Friday, April 30, 2010

Your Presence is Requested at Suvanto

About a year ago I began a cover project for Graywolf Press called Your Presence is Requested at Suvanto. I was immediately struck by the title. The book has just printed (final cover at the end). Here is a summary of the novel from Amazon:

In a remote, piney wood in Finland stands a convalescent hospital called Suvanto, a curving concrete example of austere Scandinavian design. It is the 1920s, and the patients, all women, seek relief from a variety of ailments real and imagined. On the lower floors are the stoic local Finnish women; on the upper floors are foreign women of privilege—the “up-patients.” They are tended to by the head nurse, Sunny Taylor, an American who has escaped an ill-starred life only to retreat behind a mask of crisp professionalism.

Summer turns to fall, and fall to a long, dark winter. The patients begin to hear rumors about the changes being implemented at
Suvanto by an American obstetrician, Dr. Peter Weber, who is experimenting with a new surgical stitch. Their familiar routine threatened, the women are not happy (they were not happy before), and the story’s escalating menace builds to a terrifying conclusion.

At the beginning of the project my art director at Graywolf gave me several good bits of info to lead me along in my design process: The hospital building and it’s nod to the gothic, austere beauty, seductive darkness, the body and its meat-like reality and the feel of a greek tragedy.
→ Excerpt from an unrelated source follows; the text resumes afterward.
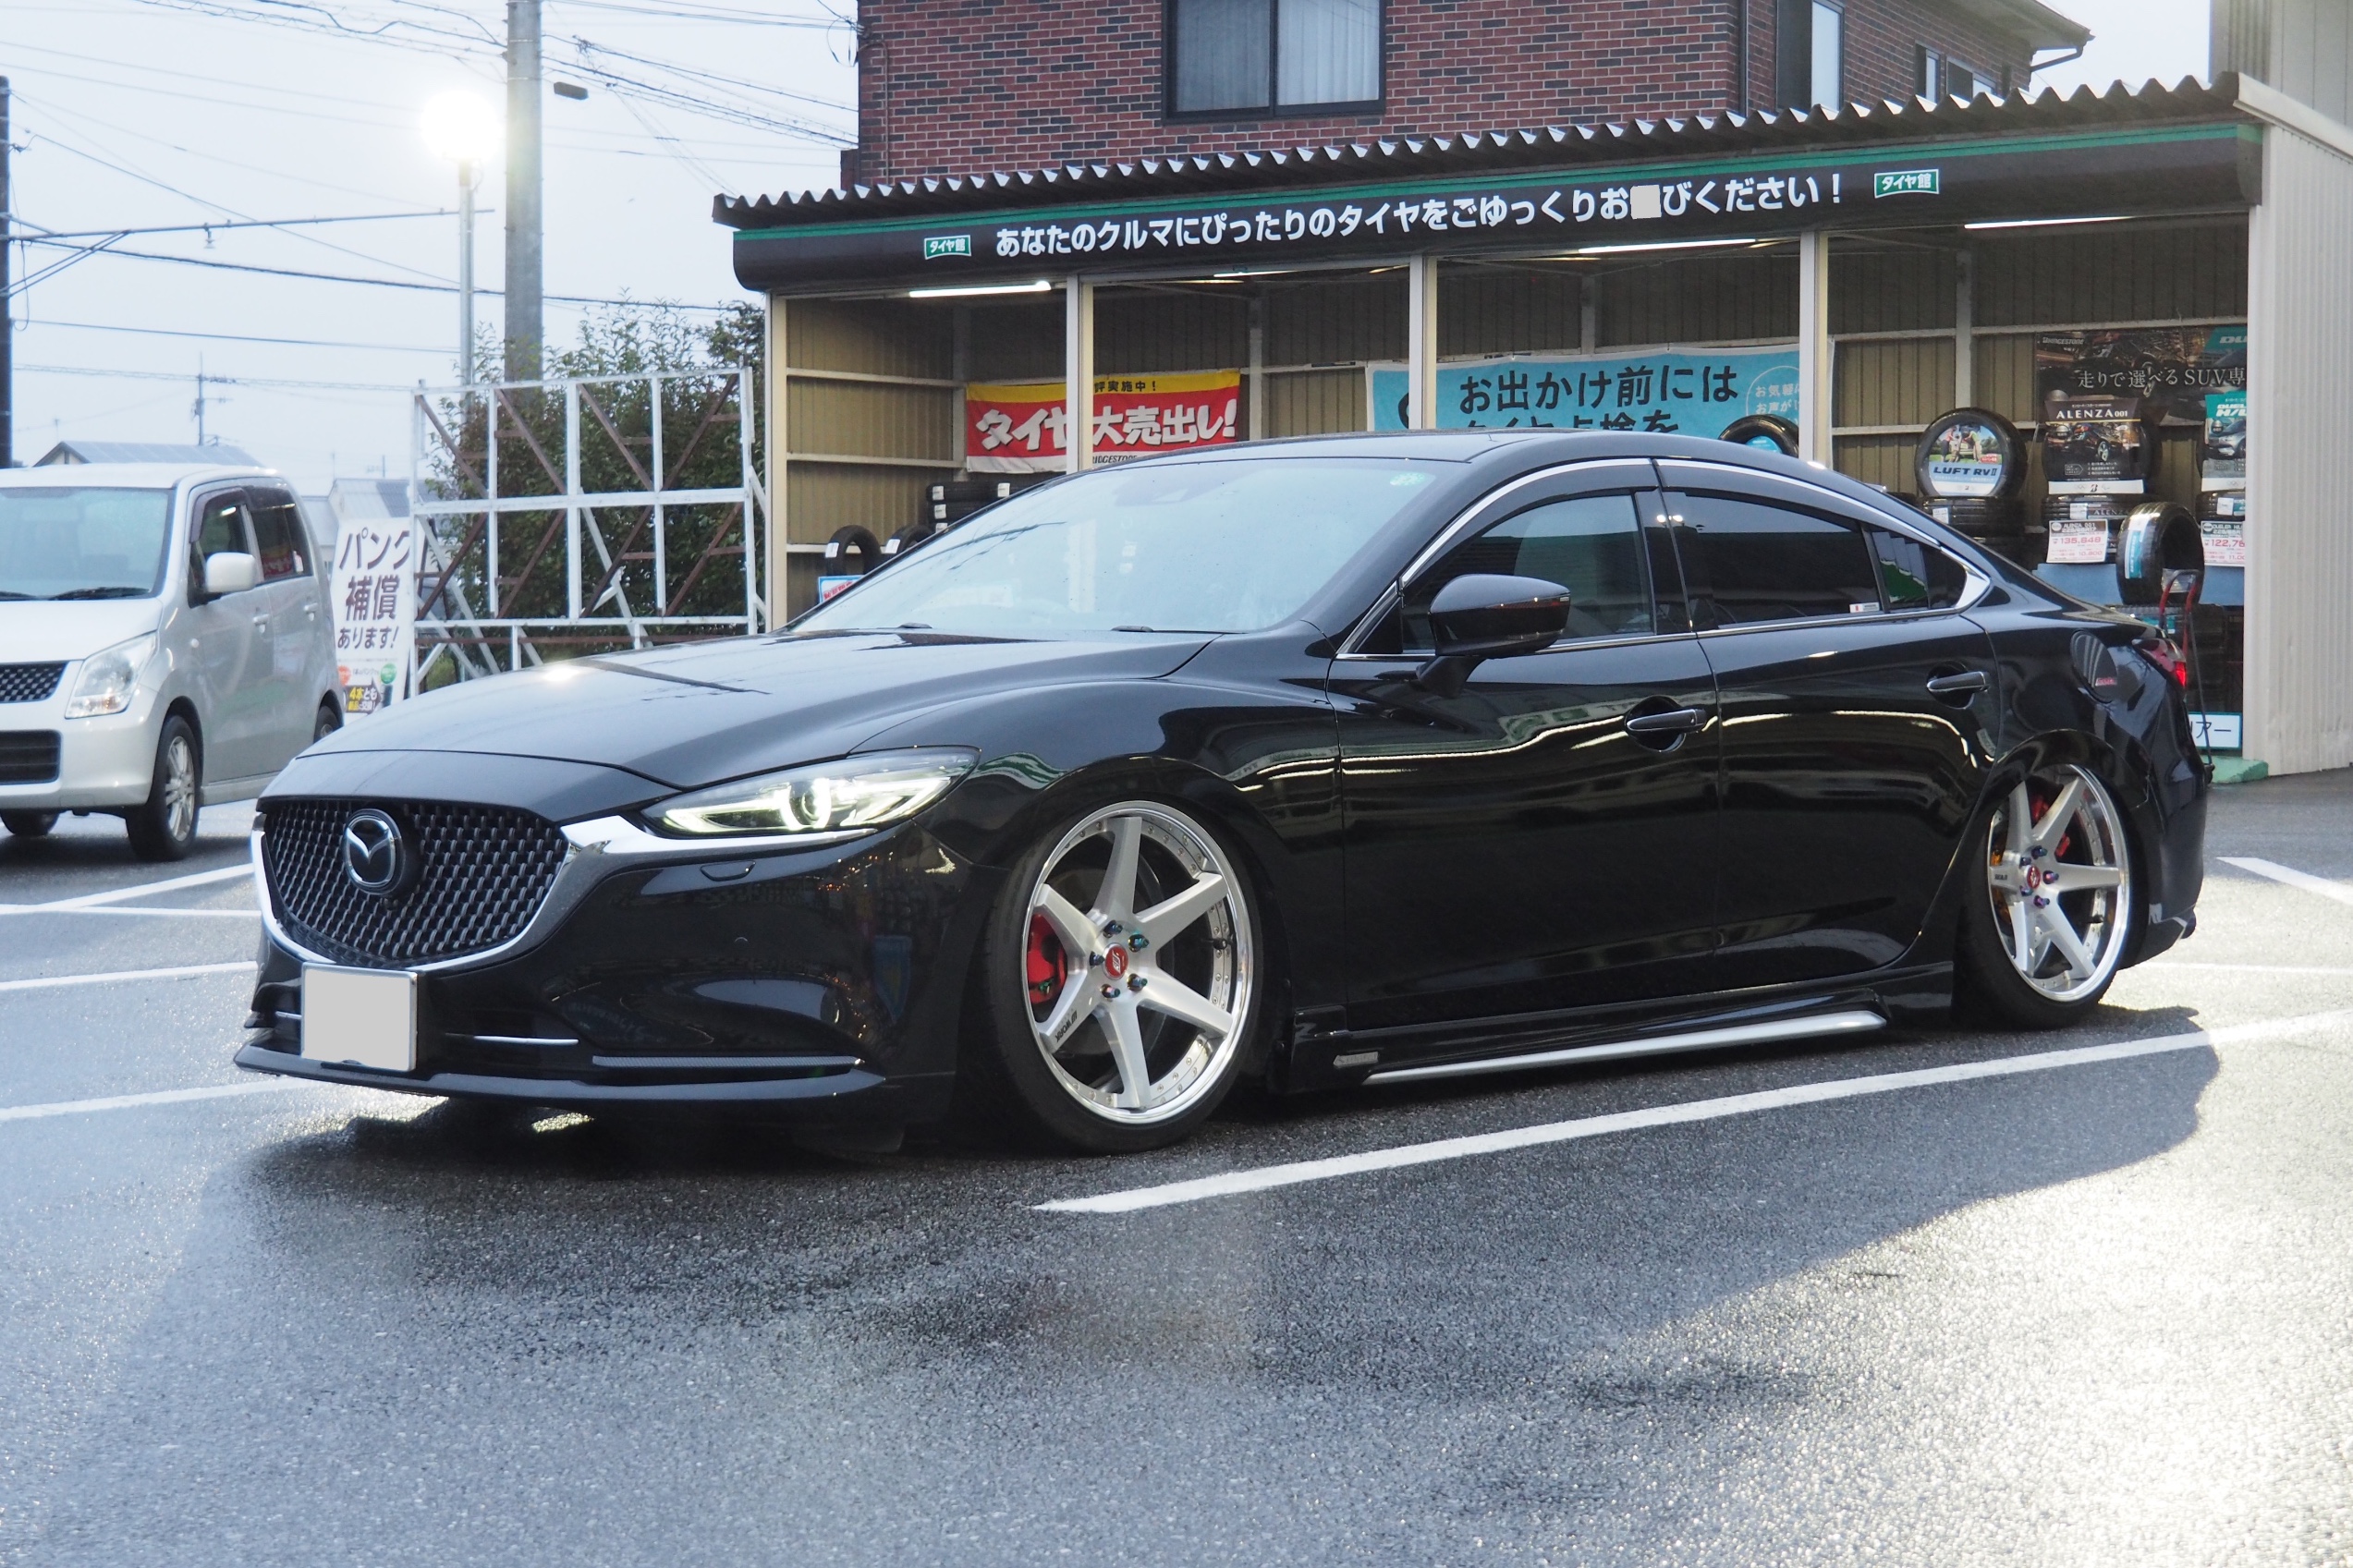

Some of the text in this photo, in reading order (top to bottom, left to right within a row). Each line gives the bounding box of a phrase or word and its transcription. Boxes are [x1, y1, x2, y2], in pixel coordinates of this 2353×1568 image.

All strong elements to work with.

The main element that stood out to me was the body and the surgical stitch used in the story. These factor strongly into my design directions. I also was struck by the title...sounded like writing from a formal invitation. I make reference to this with the panel holding the type. The bright red line is meant to evoke stitching lines:

Stitches & the human body (with it's meat-like quality):

The body sectioned using a woman from the 1920s era and the sewing stitch again:

The nurse portrayed in an austere illustration style:

Revisions came back from this first round and I reworked the comps a bit. On this revised comp a small splattering of blood was added to the "invitation" as well as a new image of the hospital.
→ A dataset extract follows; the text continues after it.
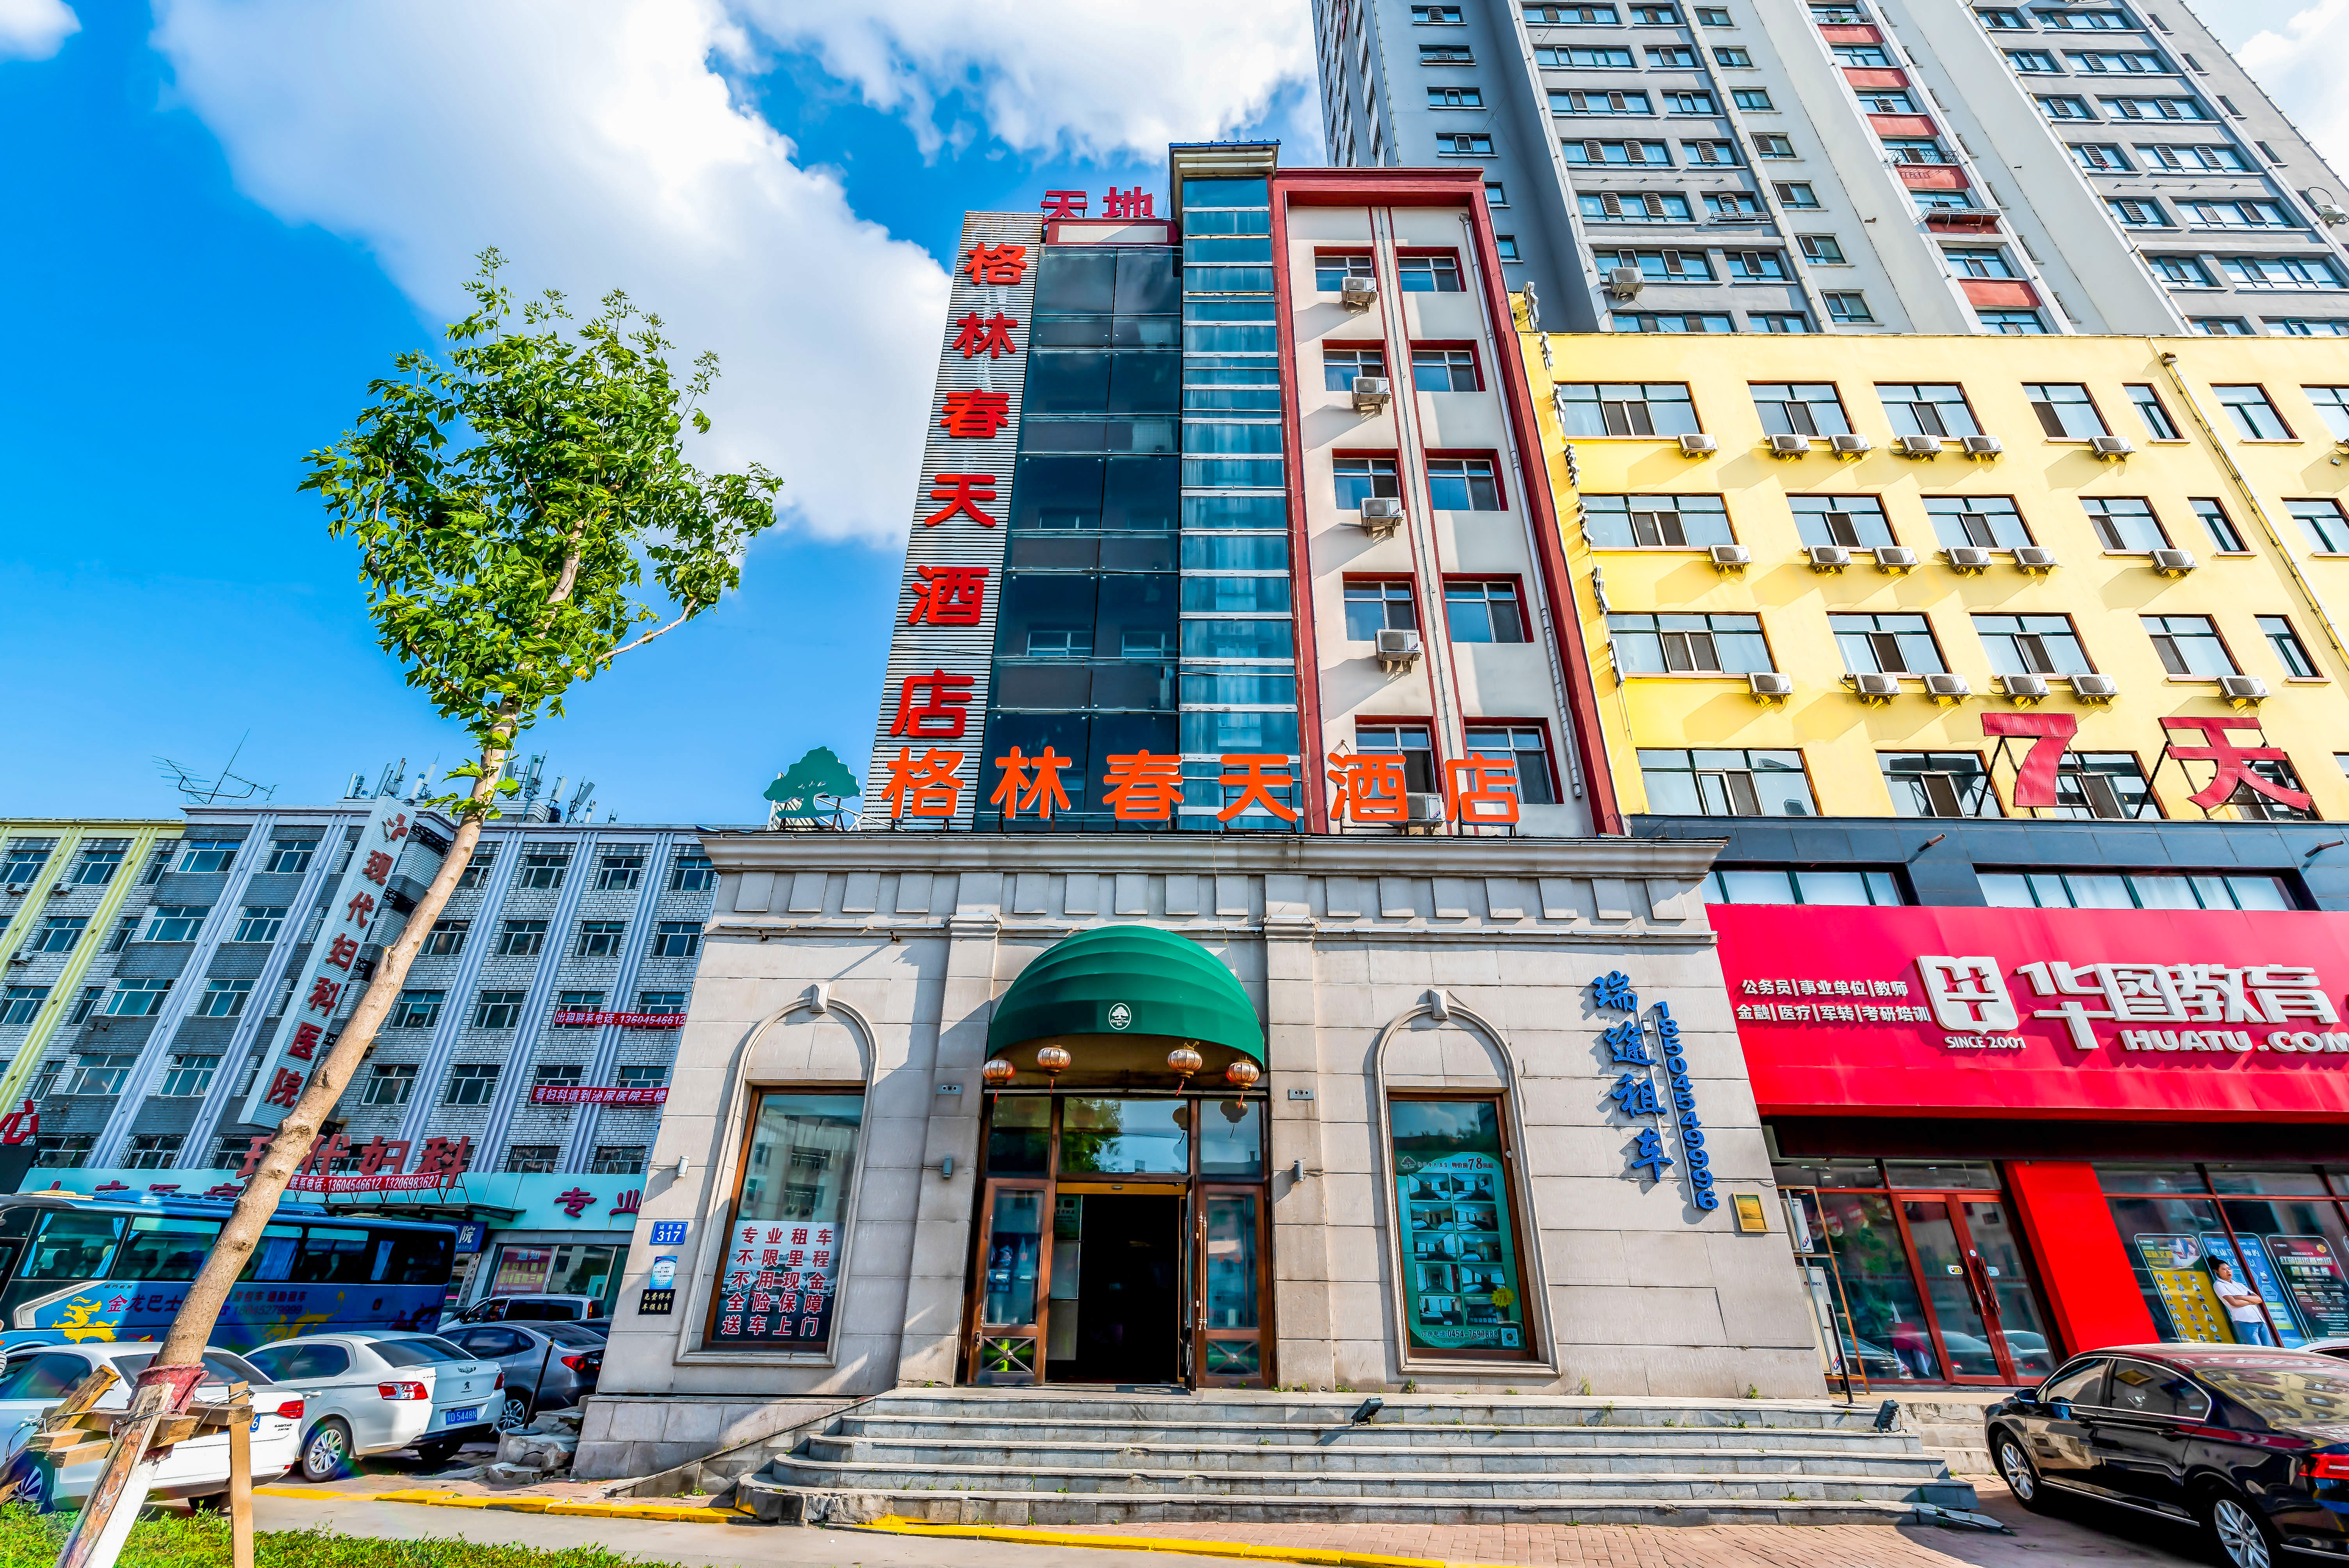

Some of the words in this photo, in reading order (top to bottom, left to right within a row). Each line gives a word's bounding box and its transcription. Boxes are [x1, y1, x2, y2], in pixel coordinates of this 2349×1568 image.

A (menacing) hospital bed, with the stitched type on top:

It became clear that the stitched type was liked, but I wasn't happy with the computer generated look on the older comps. I redrew all the stitching by hand for the next round to give it a more organic feel:

The author had an image in mind throughout the process that I hadn't used early on, but was brought back into the later rounds of revisions. The photograph by Elina Brotherus seemed to capture the mood the author was after. I then paired the stitched type over the photo (with the consent of the photographer) and our final cover was ready:

The printed cover with a spot gloss on the title:


Ian Shimkoviak said...

Wonderful. Great evolution. Usually we cringe at using an image the author supplies, but you made it work and the final has such depth because of the photo. All the comps leading up are nice too. i think the first one is very elegant and appropriate as well...

Doreen McGettigan said...

So that is how it is done!

Ian Shimkoviak said...

the one with the image split in half is also very interesting.

Fernando said...

Hey, I just saw this one in the NY Times Book Review yesterday and thought, 'I know that name from somewhere.' Fine work as always.

Diana Raabe said...

I just finished reading this book and have to say the cover fits wonderfully with the tenor of the story.

In the future when I pass this book on my shelf, I will look at the cover and remember, "ah yes..."

Well done!

mewmewmew said...

Hey, I just saw this one in the NY Times Book Review yesterday and thought, 'I know that name from somewhere.' Fine work as always.